You’ll see a lot of publicity around the centenary of James Joyce’s Ulysses tomorrow (it’s a hundred years since it was published) but I’m already growing a little cynical about the inevitable over-the-top lauding of its praises and self-congratulatory hoo-balloo.

When Ulysses was first published in 1918 (for context, this was just two years after the Easter Rising), it was serialized in parts via an American Literary Journal until 1920 before being published in its entirety in 1922. The book was subsequently blacklisted and banned from publication due to its ‘obscenity’ (although there were many pirated copies) until the mid-1930s.

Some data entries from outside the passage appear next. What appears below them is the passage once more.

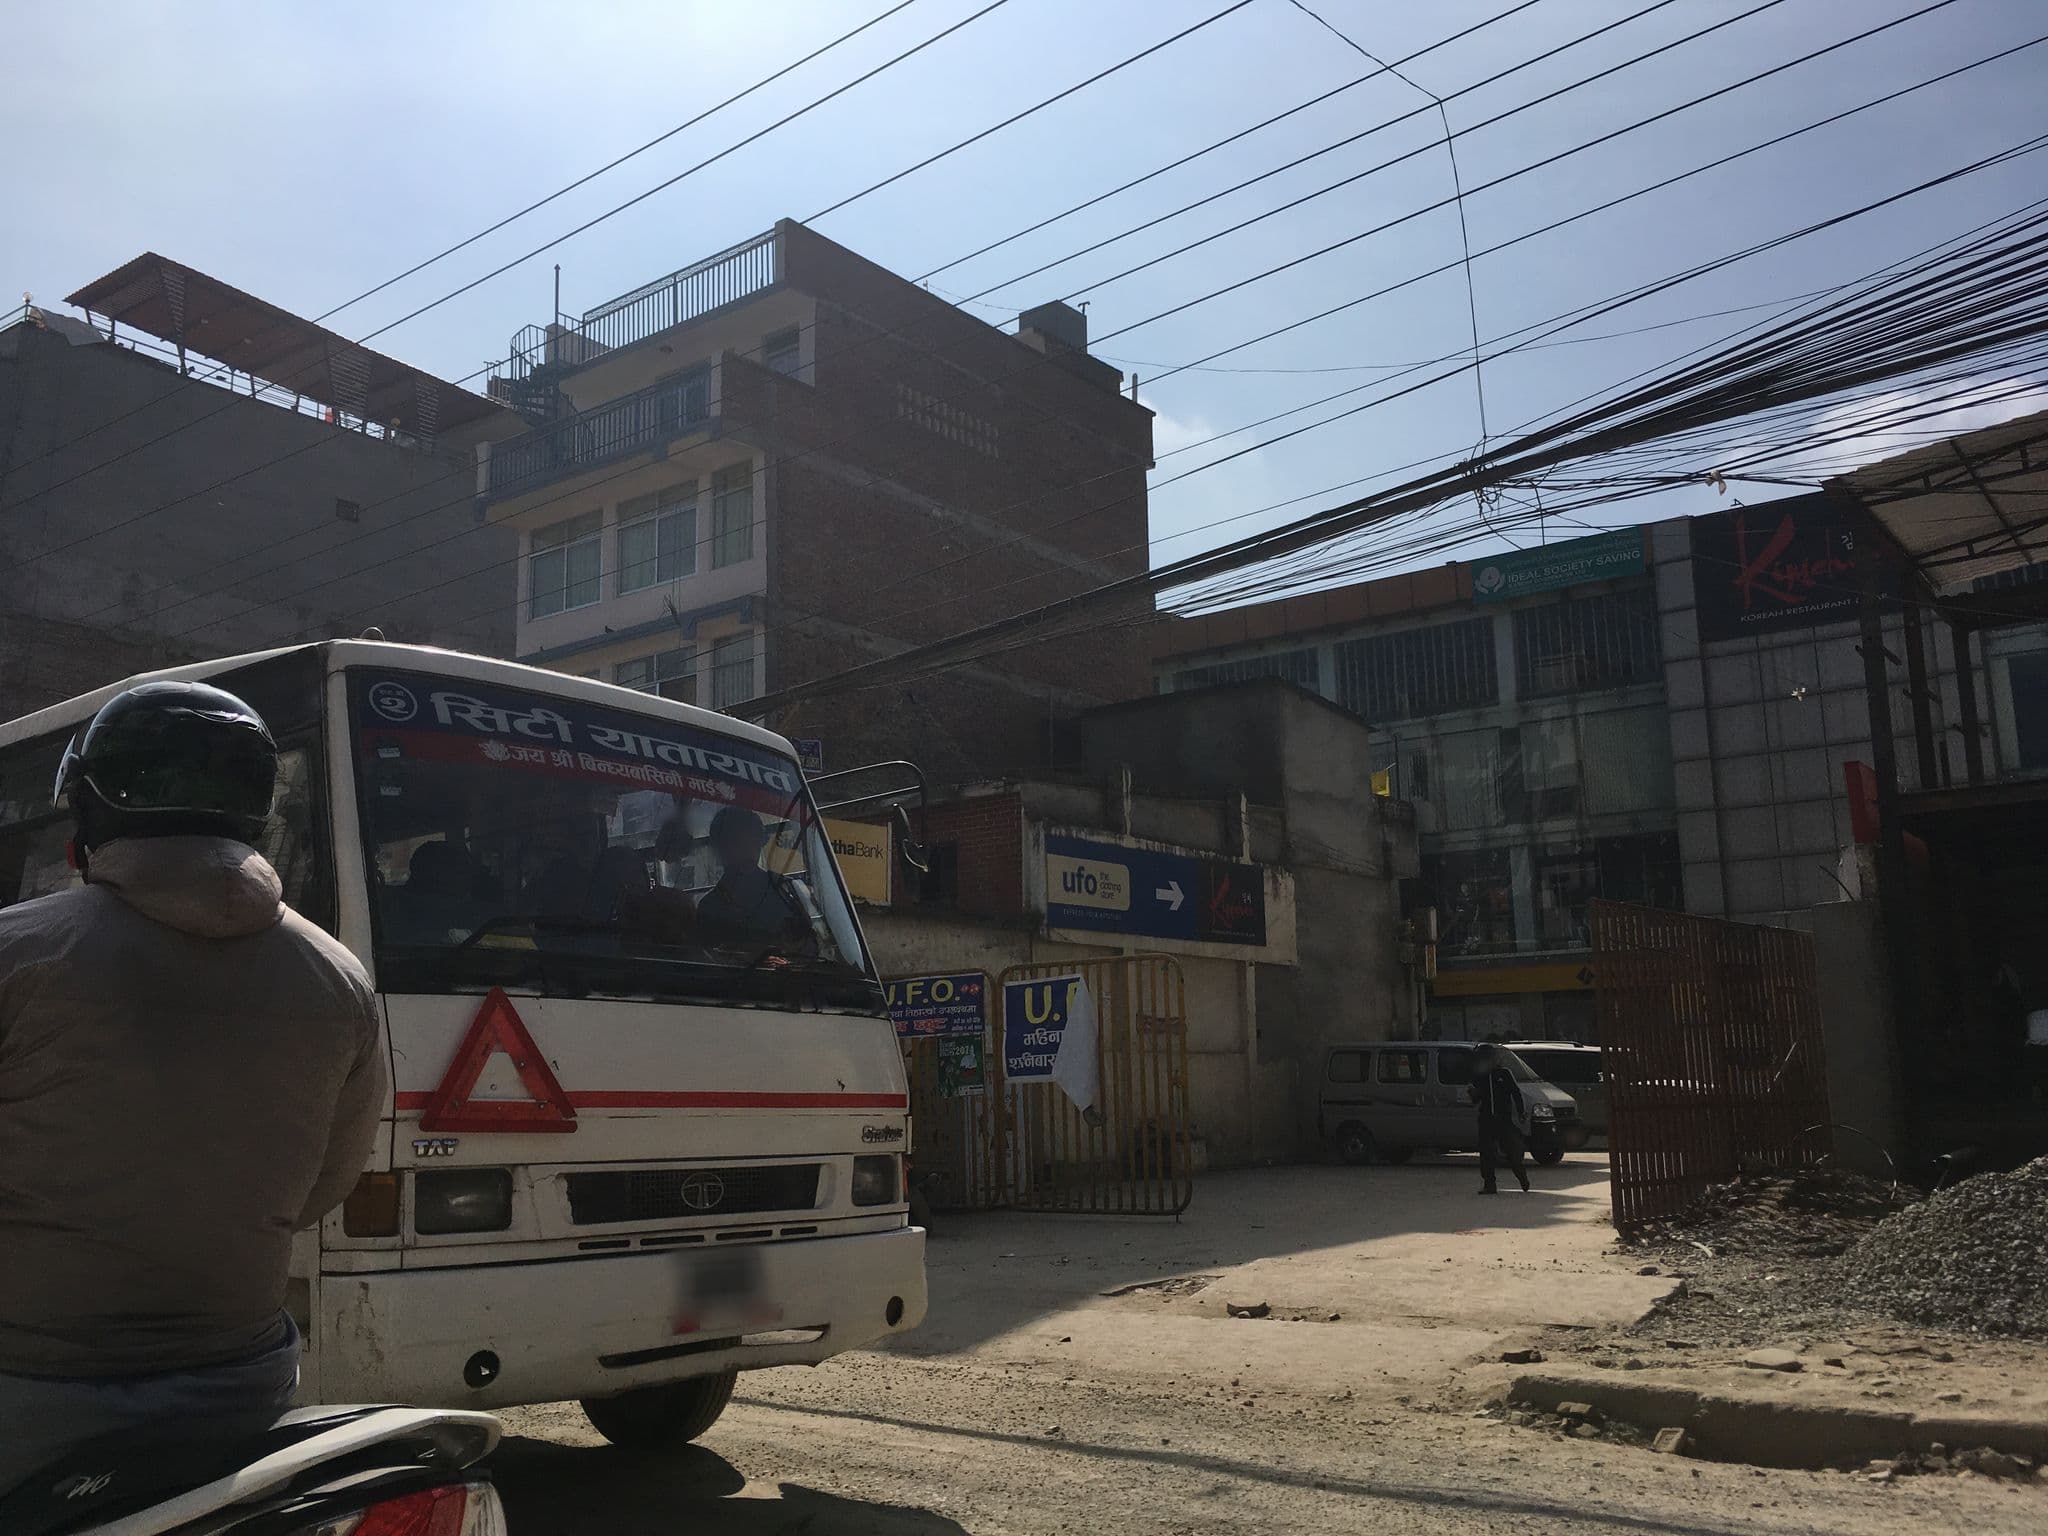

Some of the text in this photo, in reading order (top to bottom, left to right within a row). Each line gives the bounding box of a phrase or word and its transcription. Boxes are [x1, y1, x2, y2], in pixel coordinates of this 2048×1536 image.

[1507, 567, 1540, 585] IDEAL
[1544, 559, 1593, 577] SOCIETY
[1596, 549, 1641, 566] SAVING
[1740, 608, 1784, 623] KOREAN
[1786, 597, 1854, 615] RESTAURANT
[429, 691, 793, 793] सिटी यातायात
[511, 745, 546, 763] जय
[552, 749, 575, 769] श्री
[831, 839, 883, 859] thaBank
[1062, 866, 1097, 895] ufo
[412, 1139, 458, 1156] TAT

Joyce had already left Ireland by then however (in 1902) and he was very much an ex-isle by the time his ‘success’ kicked in. It certainly seems that he didn’t have much patience for much of Irish society at the time. He despised the Catholic Church, he was openly contemptuous of the various political movements (and there were a lot during that period) but he seems to have reserved a particular level of scorn for the Irish literary sector, most particularly for the romanticised (and very anglicized) Celtic Twilight representation of Irish culture as pushed by W.B. Yeats, Lady Gregory and other members of the Irish Literary Renaissance.

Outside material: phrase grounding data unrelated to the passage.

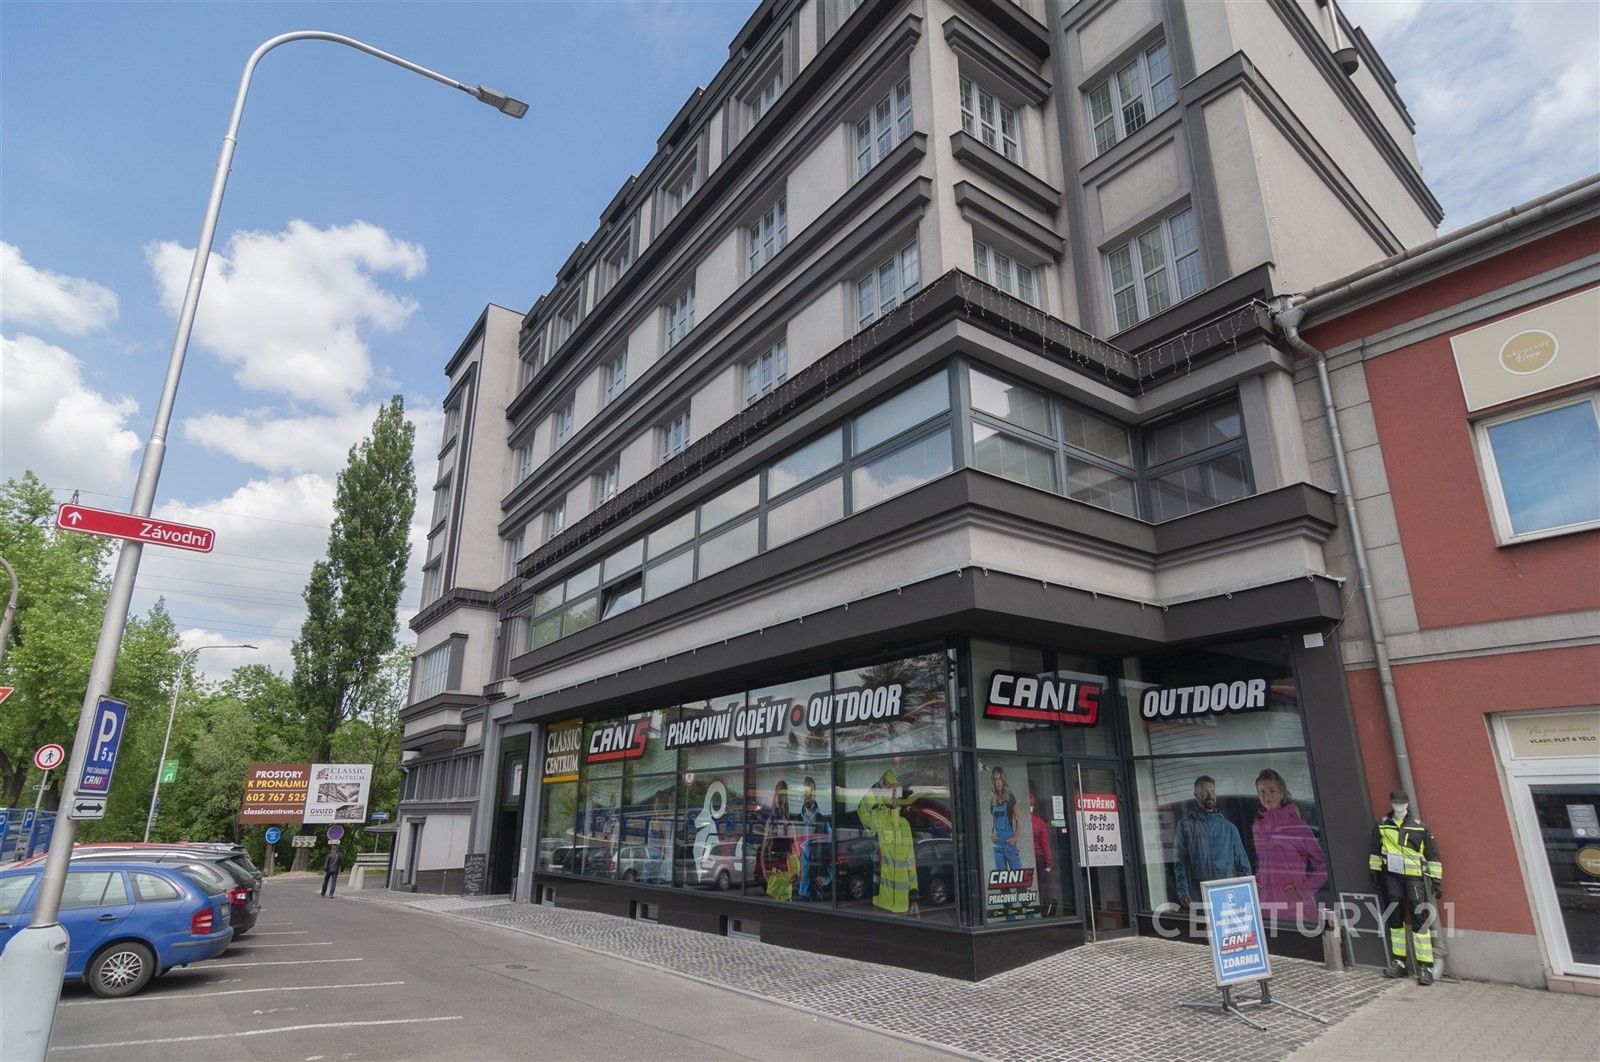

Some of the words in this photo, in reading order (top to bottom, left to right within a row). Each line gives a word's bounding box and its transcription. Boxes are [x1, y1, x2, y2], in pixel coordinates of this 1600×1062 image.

[140, 522, 207, 547] Závodní
[986, 674, 1100, 724] CANIS
[1143, 678, 1267, 718] OUTDOOR
[666, 706, 732, 747] PRACOVNÍ
[735, 702, 788, 736] ODĚVY
[808, 684, 903, 728] OUTDOOR
[547, 727, 581, 754] CLASSIC
[587, 720, 650, 762] CANIS
[545, 753, 578, 774] CENTRUM
[256, 770, 304, 779] PROSTORY
[256, 779, 308, 788] PRONÁJMU
[246, 793, 265, 801] 602
[268, 793, 285, 801] 767
[288, 793, 306, 801] 525
[1084, 823, 1115, 831] :00-17:00
[1087, 844, 1118, 852] :00-12:00
[988, 868, 1034, 889] CANIS
[1223, 953, 1260, 969] ZDARMA

Joyce was essentially pilloried in Ireland for two decades by the established hoi-polloi and literary gatekeepers of the time but, in a sense, he had the last laugh. His huge success later in life means that today, it’s that exact same group of government-sponsored literary organisations who’ll be out there telling everyone what a literary genius he was. Most of them, will probably not even have read the book.

I’m sure if he was still alive, he’d appreciate the irony.